>>>

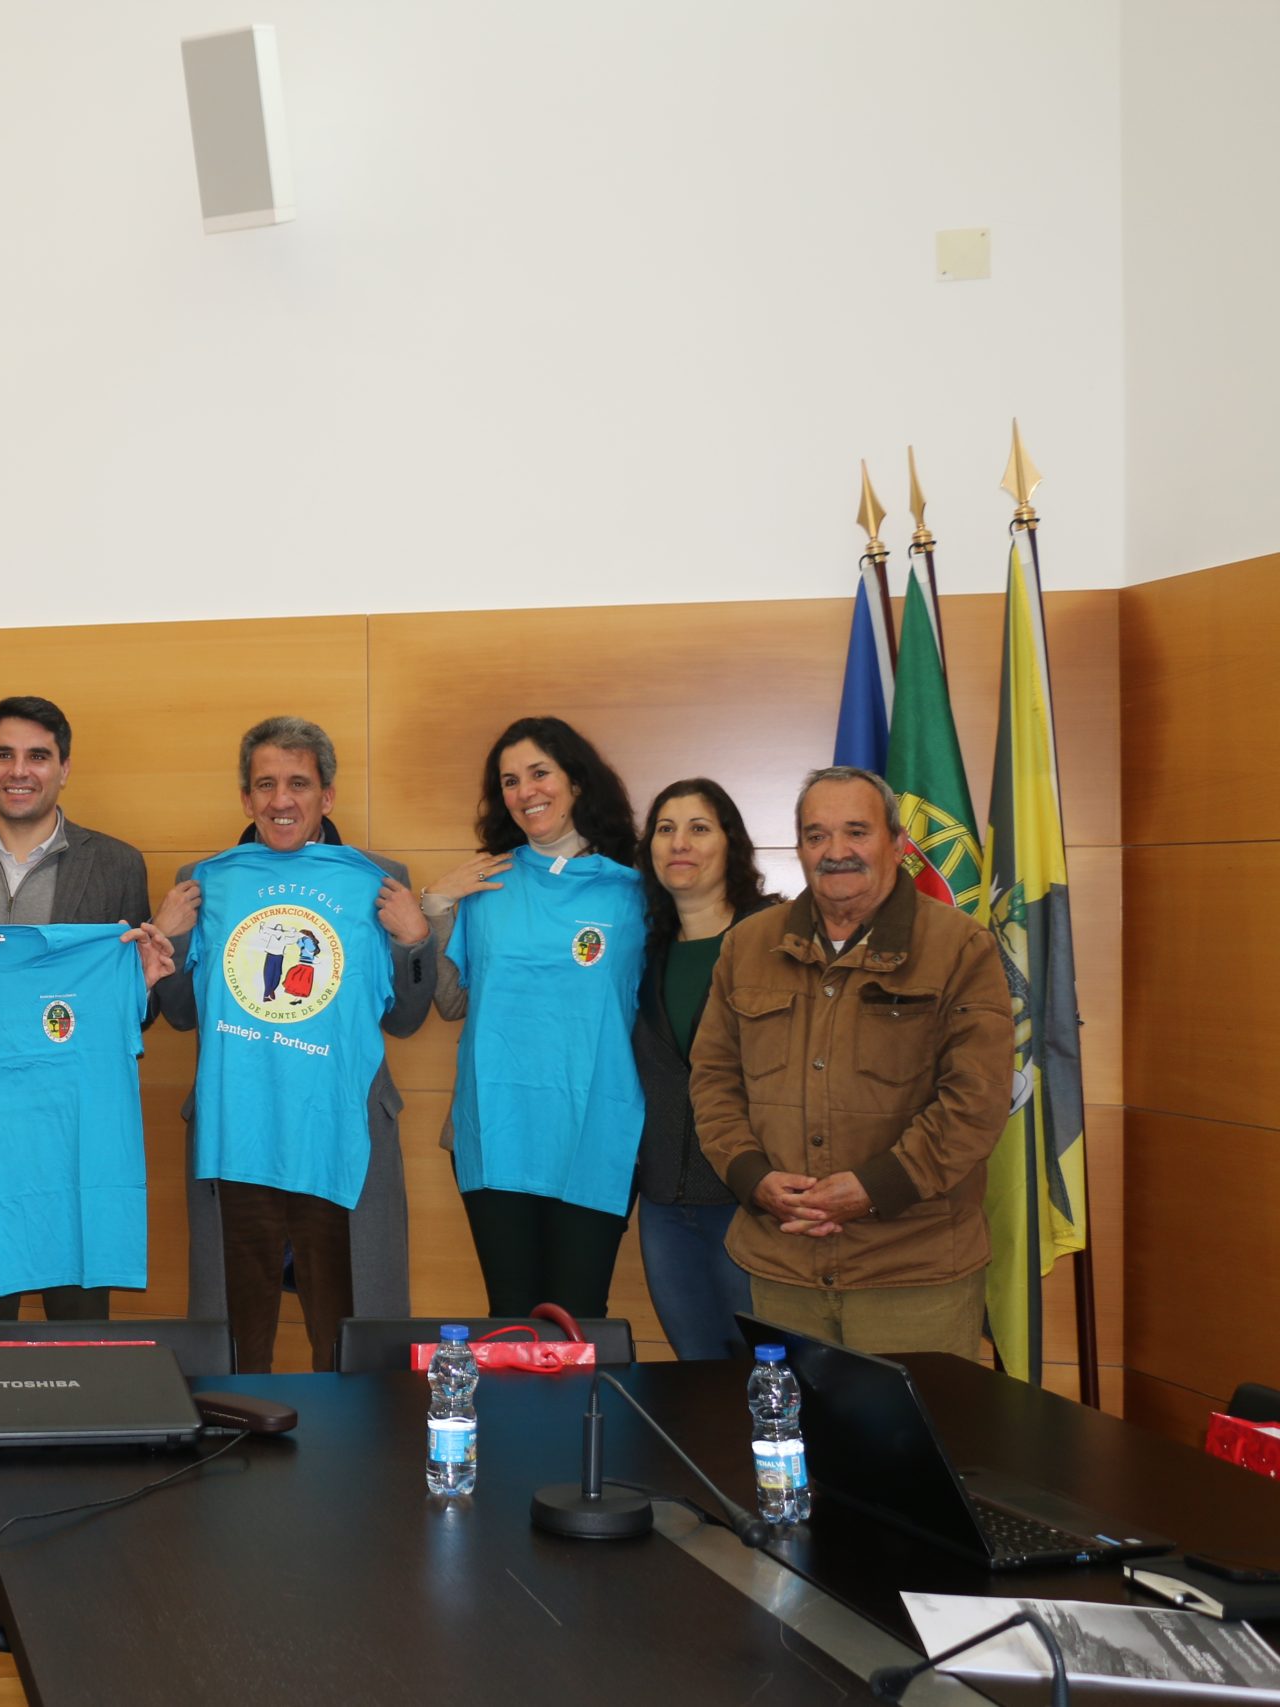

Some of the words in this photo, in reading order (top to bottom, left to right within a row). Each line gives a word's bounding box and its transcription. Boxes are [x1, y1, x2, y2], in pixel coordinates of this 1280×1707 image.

[258, 883, 343, 914] FESTIFOLK
[227, 921, 252, 958] FESTIVAL
[249, 907, 319, 926] INTERNACIONAL
[318, 922, 331, 936] DE
[328, 932, 342, 981] FOLCLORE
[227, 967, 248, 1003] CIDADE
[248, 1003, 262, 1014] DE
[264, 1010, 297, 1020] PONTE
[301, 1005, 314, 1016] DE
[316, 988, 333, 1006] SOR
[216, 1020, 261, 1041] Aentejo
[272, 1031, 330, 1057] Portugal

<<<

Task item:
The copy you return must match the records above exactly, minus any images.

Result:
Some of the words in this photo, in reading order (top to bottom, left to right within a row). Each line gives a word's bounding box and its transcription. Boxes are [x1, y1, x2, y2], in pixel coordinates of this 1280×1707 image.

[258, 883, 343, 914] FESTIFOLK
[227, 921, 252, 958] FESTIVAL
[249, 907, 319, 926] INTERNACIONAL
[318, 922, 331, 936] DE
[328, 932, 342, 981] FOLCLORE
[227, 967, 248, 1003] CIDADE
[248, 1003, 262, 1014] DE
[264, 1010, 297, 1020] PONTE
[301, 1005, 314, 1016] DE
[316, 988, 333, 1006] SOR
[216, 1020, 261, 1041] Aentejo
[272, 1031, 330, 1057] Portugal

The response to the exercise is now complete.